Blender 2.5 Materials and Textures Cookbook

Over 80 great recipes to create life-like Blender objects

  • Master techniques to create believable natural surface materials
  • Take your models to the next level of realism or artistic development by using the material and texture settings within Blender 2.5.
  • Take the hassle out of material simulation by applying faster and more efficient material and texture strategies
  • Part of Packt’s Cookbook series: Each recipe is a logically organized according to the surface types with clear instructions and explanations on how these recipes can be applied across a range of materials including complex materials such as oceans, smoke, fire and explosions.

Introduction

Organizing your work, as you develop any project, will ensure that you achieve your task sooner and more efficiently. How to do this in Blender may not be immediately obvious. However, Blender has a raft of tools that will make your life, as a materials creator, so much easier. This article deals with the techniques that can be used to organize your textures and materials, and thus encourage some order to complex tasks.

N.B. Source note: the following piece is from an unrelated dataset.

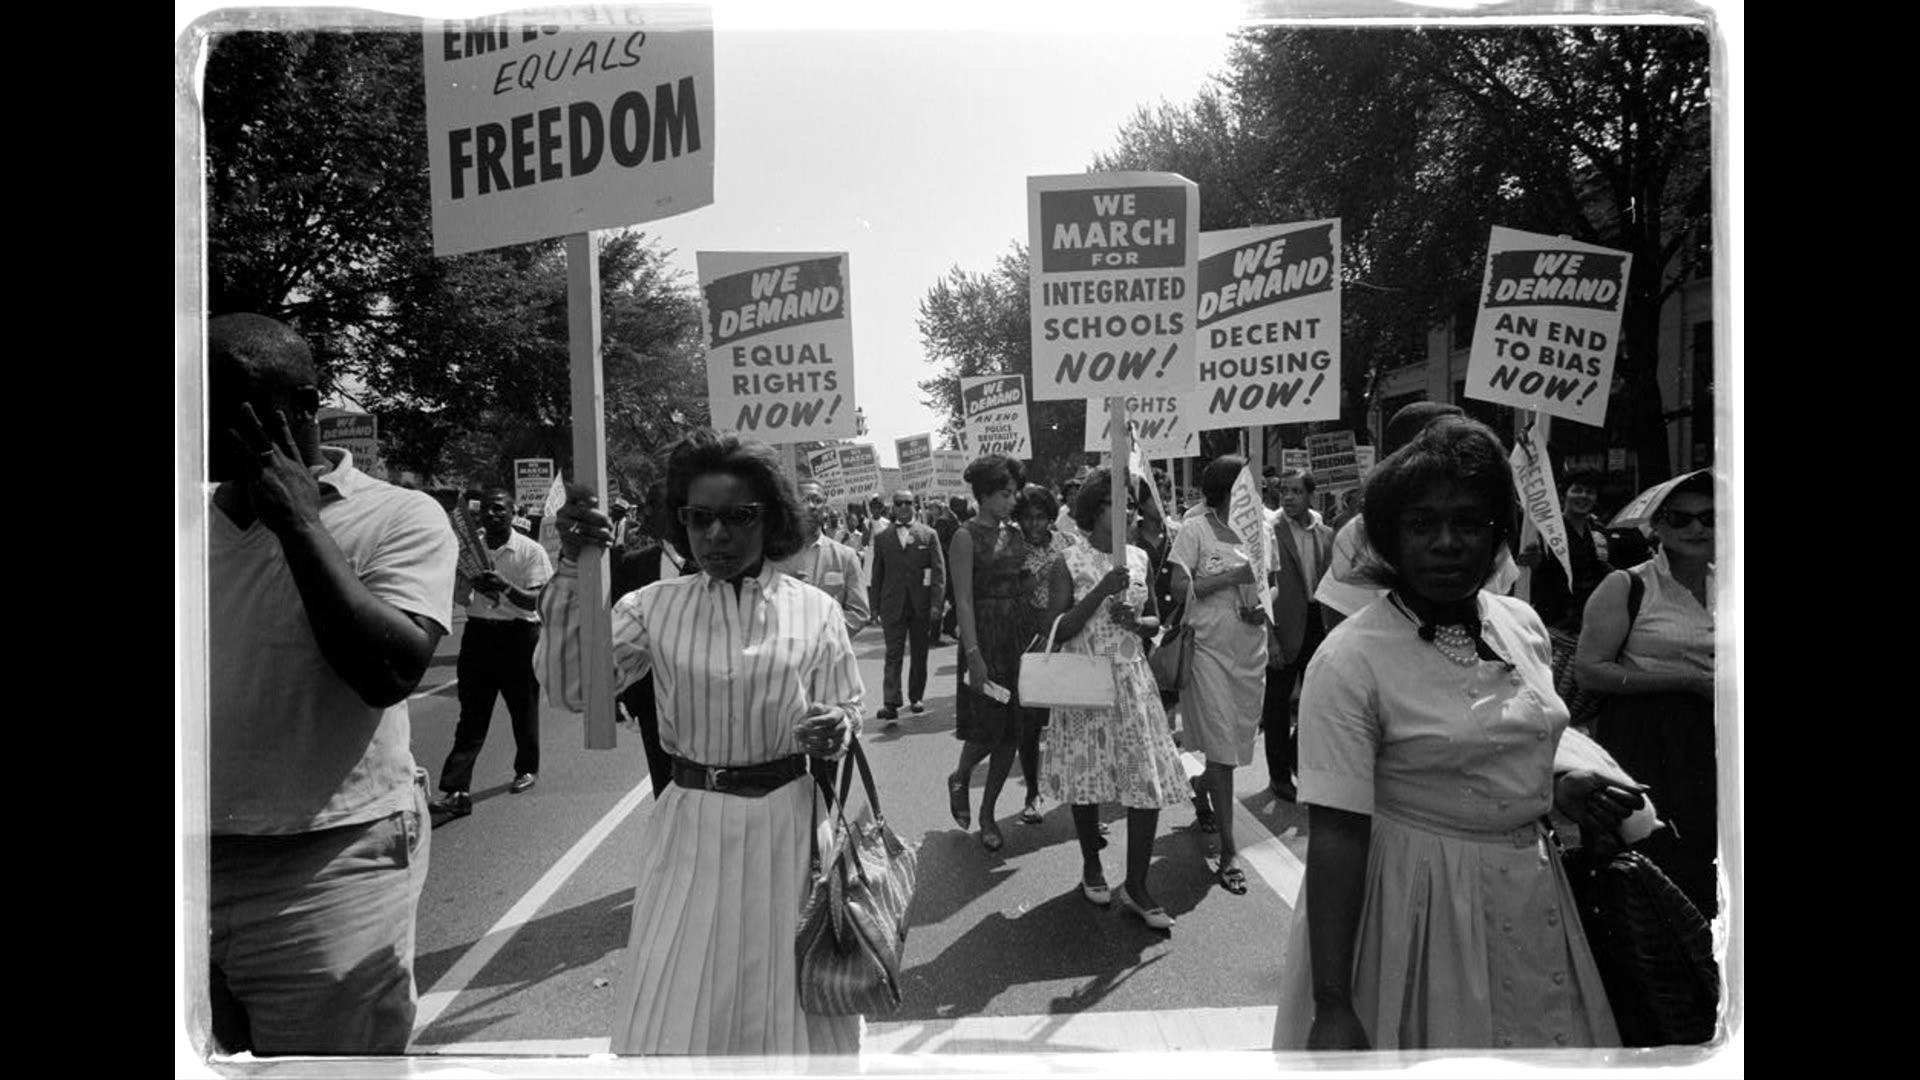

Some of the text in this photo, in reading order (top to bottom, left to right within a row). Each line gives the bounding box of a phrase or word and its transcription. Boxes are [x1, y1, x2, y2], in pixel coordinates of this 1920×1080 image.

While Blender can be a very flexible 3D suite, allowing the designer more than a single approach to a simulation, it is better to develop a more ordered strategy to your material and texture creations.

We will explore several recipes that attempt to show how to control material creation. However, apart from the inbuilt tools, there are several setups that will be dependent on personal preference. You are therefore encouraged to modify any of these recipes to suit your own approaches to organizing material production.

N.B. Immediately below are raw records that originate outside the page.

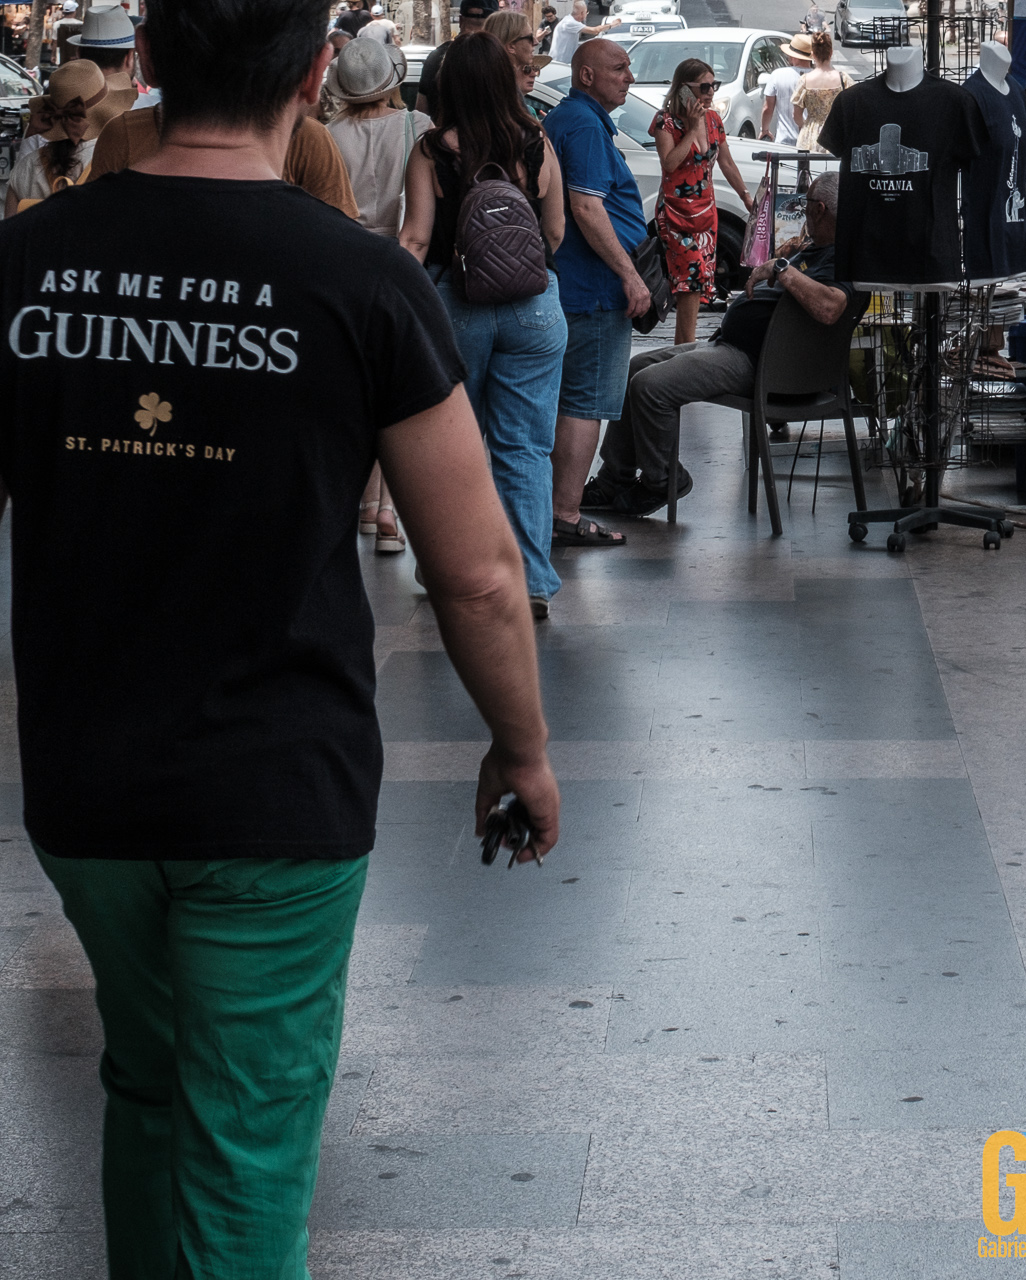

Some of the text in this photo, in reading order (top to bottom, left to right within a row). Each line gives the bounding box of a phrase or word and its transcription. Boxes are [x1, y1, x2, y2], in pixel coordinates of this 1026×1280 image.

[869, 179, 914, 191] CATANIA
[40, 269, 274, 307] ASK ME FOR A
[8, 305, 300, 374] GUINNESS
[65, 436, 237, 462] ST. PATRICK'S DAY
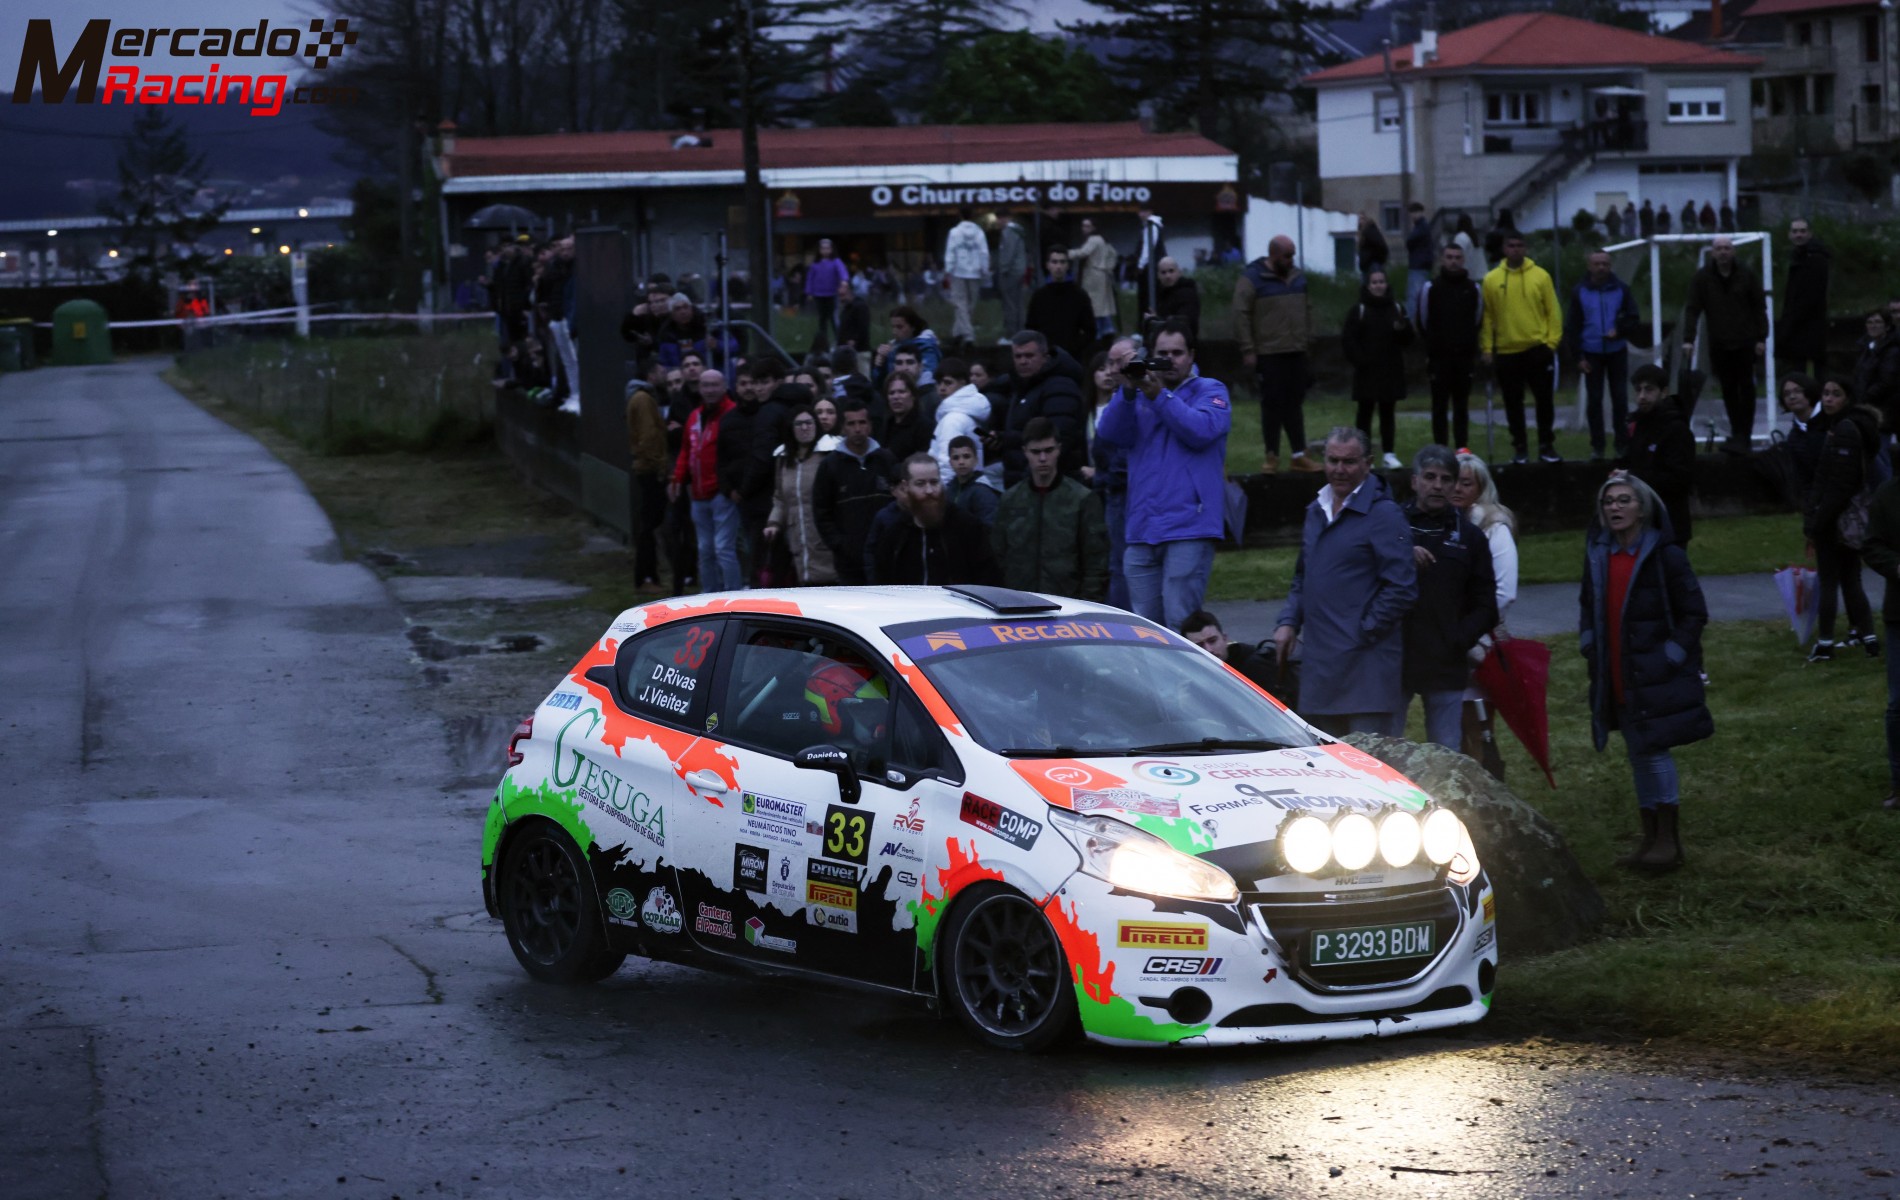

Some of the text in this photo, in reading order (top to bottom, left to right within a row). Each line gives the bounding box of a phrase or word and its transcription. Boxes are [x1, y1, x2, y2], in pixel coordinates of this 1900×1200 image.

[871, 186, 893, 205] O
[1050, 182, 1079, 201] do
[1086, 182, 1151, 201] Floro
[990, 622, 1112, 643] Recalvi
[674, 626, 715, 670] 33
[651, 664, 697, 691] D.Rivas
[546, 692, 583, 711] CREA
[639, 685, 689, 714] J.Vieitez
[807, 751, 838, 760] Daniela
[1207, 767, 1361, 780] CERCEDASOL
[578, 787, 600, 808] GESTORA
[605, 804, 641, 834] SUBPRODUCTOS
[756, 797, 804, 817] EUROMASTER
[747, 819, 797, 837] NEUMÁTICOS TINO
[962, 796, 1039, 840] RACE COMP
[827, 812, 866, 857] 33
[975, 819, 1016, 842] www.racecomp.es
[880, 842, 903, 856] AV
[740, 868, 757, 878] CARS
[741, 857, 765, 872] MIRÓN
[771, 880, 795, 891] Deputación
[809, 883, 853, 907] PIRELLI
[699, 902, 732, 921] Canteras
[696, 917, 737, 939] El Pozo S.L.
[1121, 926, 1206, 946] PIRELLI
[1316, 926, 1430, 961] P 3293 BDM
[1147, 958, 1202, 973] CRS

Setting a default scene for materials creation

It’s always a good idea to set the initial state of Blender to suit your needs. For us, the primary task is to explore materials and texture creation. When you first install Blender, a default layout will be presented. From here, you can perform most tasks, such as modeling, and rendering, as you create your desired objects. We can aid the process of surface creation by improving the lighting in the default setup. Adding a second light can give better definition to objects that are rendered.

Getting ready

When you first download Blender, the default factory settings provide a simple cube illuminated by a single light. Even if you have already changed some of these defaults, you will be able to apply the suggested changes in this recipe on top of your personalized settings. So, you can either start with the factory settings or your own.

How to do it…

  1. Start Blender, or select New from the File menu. This will ensure that any previous default settings are loaded.
  2. Move the mouse cursor into the main 3D view and press SHIFT+A to bring up the Add menu and select Lamp of type Hemi.
  3. Move, and rotate the lamp so that it will illuminate the shaded side of the default cube. Try to adjust its height and distance from the object similar to the default lamp.
  4. From the lamp menu, set the Energy value between 0.200 and 0.500. Render a quick scene and adjust as necessary.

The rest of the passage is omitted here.